Bayona recalled that the project came from the producer Belén Atienza after hearing the story that Belón shared with Gemma Nierga on the radio. "While he was explaining the story to me, I told him that it would be my next film. We convinced María, because she didn't want to do it." Belón did not want to write the book that many people proposed to her with her story, but when "the crazy ones" appeared -Atienza and Bayona- she spent a long time fully explaining her experience in a tea shop and when she finished "I saw Bayona's emotion in his eyes".

This is how the story began, which the director took to the Cannes festival film market under the names of Naomi Watts and Ewan McGregor. They obtained 24 million in financing up to the final 35 that the film cost, with production by Telecinco Cinema. "It's very difficult to separate art from film, because film is a very expensive medium and we needed names like Watts and McGregor," he adds. "I'm still in contact with them. We created as a family during filming." María has recalled the moment of seeing the film when it was not yet finished. "I was crying for 45 minutes." "And we waiting outside!" Bayona continued immediately.

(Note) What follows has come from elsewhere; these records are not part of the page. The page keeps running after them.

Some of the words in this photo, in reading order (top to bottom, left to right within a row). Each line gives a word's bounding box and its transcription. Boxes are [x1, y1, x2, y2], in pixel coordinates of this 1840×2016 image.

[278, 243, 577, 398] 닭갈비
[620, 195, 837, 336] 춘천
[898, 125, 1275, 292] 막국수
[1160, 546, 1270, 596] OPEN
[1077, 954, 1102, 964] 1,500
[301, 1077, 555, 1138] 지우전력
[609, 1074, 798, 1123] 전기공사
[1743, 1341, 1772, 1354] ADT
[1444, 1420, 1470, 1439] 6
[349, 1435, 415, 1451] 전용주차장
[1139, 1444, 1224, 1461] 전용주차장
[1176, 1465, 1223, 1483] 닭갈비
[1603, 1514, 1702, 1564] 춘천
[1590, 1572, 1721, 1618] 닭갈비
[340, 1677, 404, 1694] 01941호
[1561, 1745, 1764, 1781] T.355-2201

On the choice of Tom Holland, he has admitted that it was difficult to choose him for the role of Lucas because he had four "very good" candidates. "I saw that he had a lot of wood, he is noble, charismatic, he reminds me of Tom Hanks and I think he can have a career parallel to what he has done. He is a great actor." And he wanted to highlight his work as a drug addict in Cherry, by the Russo brothers. "He was Oscar".

Also present during the talk was Jordi Juan, director of La Vanguardia, who asked the director of A monster comes to see me about the future of cinema in theaters. "I am quite optimistic because when you read about the history of cinema, the cinema had a very big crisis in the 60s when television appeared, another very big one in the 80s with the arrival of video, and now with the platforms. But people always returns to the cinema because there is no experience that can be compared to seeing a movie in a movie theater".

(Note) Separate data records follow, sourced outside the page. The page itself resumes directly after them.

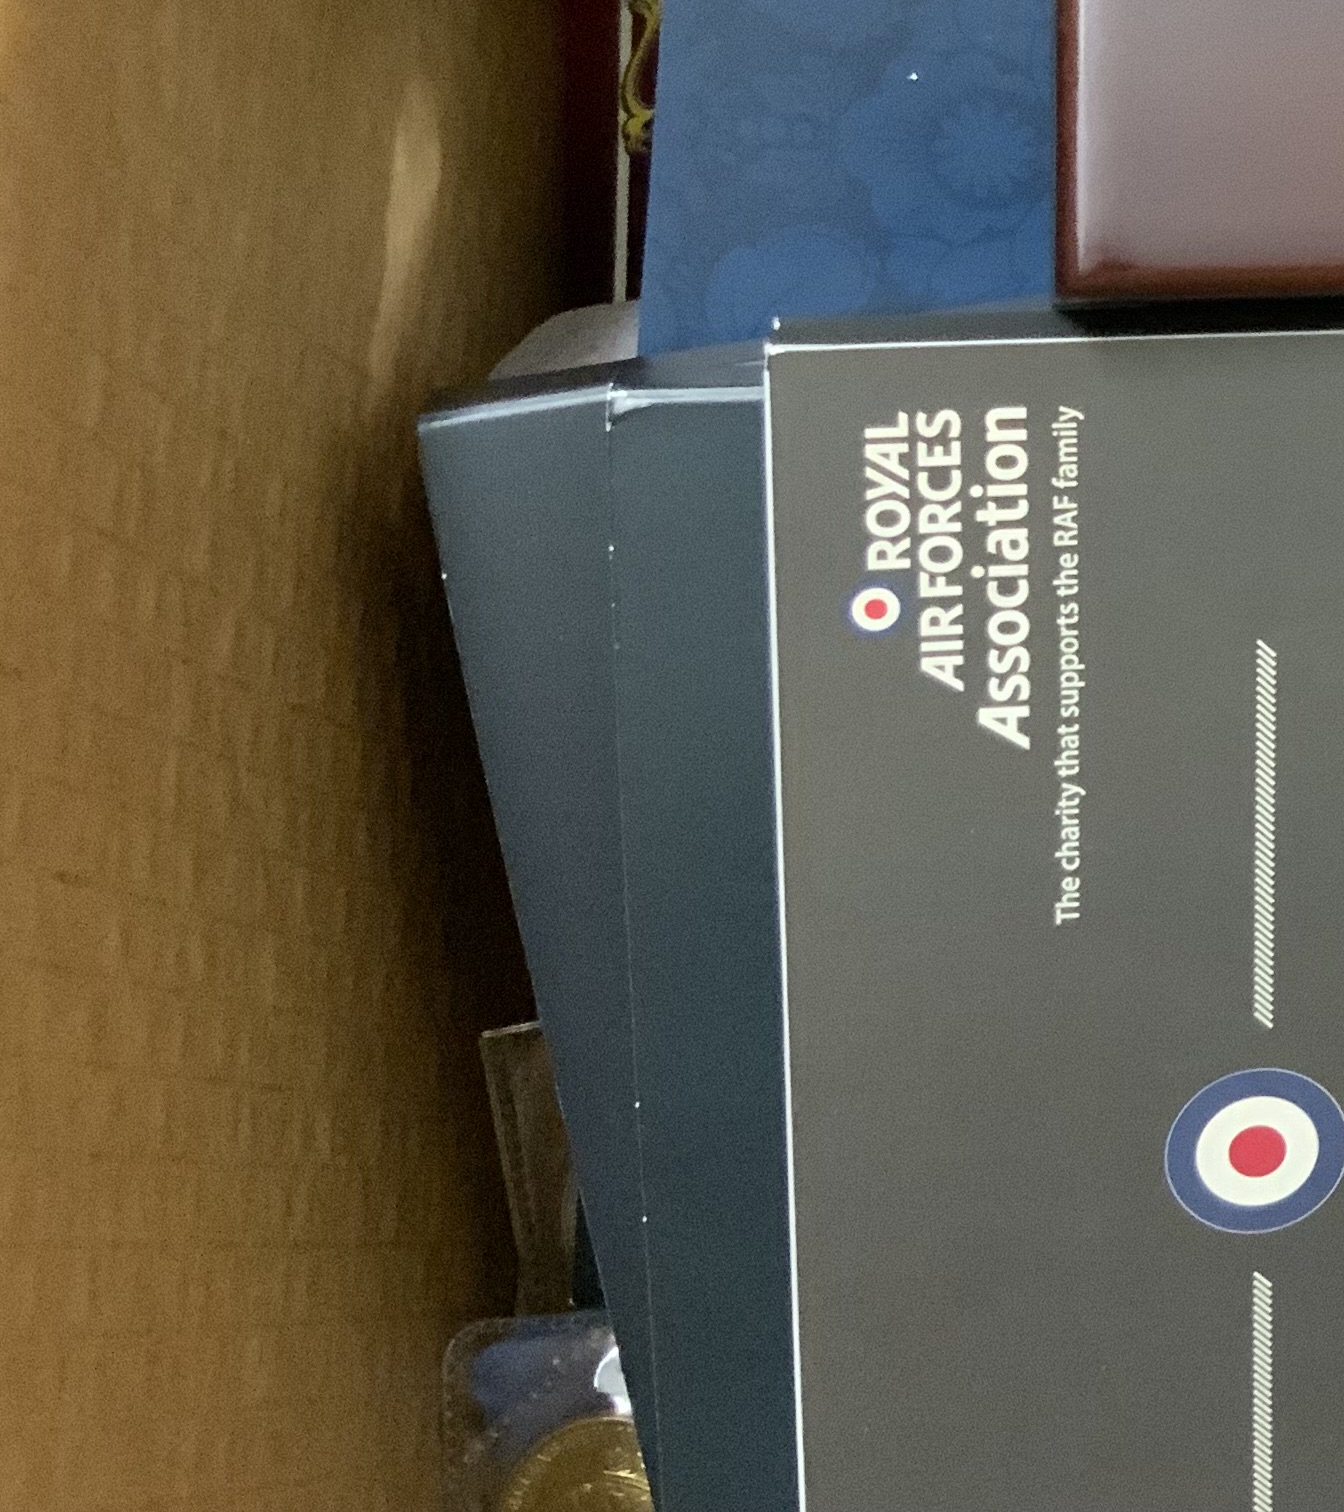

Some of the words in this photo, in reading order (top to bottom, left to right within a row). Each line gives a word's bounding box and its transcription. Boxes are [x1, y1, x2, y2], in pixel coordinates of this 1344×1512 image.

[1050, 404, 1086, 489] family
[863, 410, 912, 572] ROYAL
[915, 407, 964, 599] FORCES
[1052, 495, 1080, 550] RAF
[969, 404, 1031, 750] Association
[1052, 554, 1080, 599] the
[918, 603, 965, 692] AIR
[1052, 602, 1086, 717] supports
[1053, 722, 1080, 778] that
[1053, 784, 1086, 872] charity
[1055, 878, 1081, 926] The

As an example, he has referred to tomorrow's event. "It is not the same to see The Impossible at home than to see it with a thousand people on the big screen. Although many people say that cinema is expensive, it cannot be measured with money, it is an experience. We have not yet seen a film that has obtained a classic status that has not been released in the cinema. Theatrical theater is key to the success of a film. It is not a battle of cinema against platforms. And when you see where the cinema market is you see very positive signs. The people want to go to the cinema", he concluded.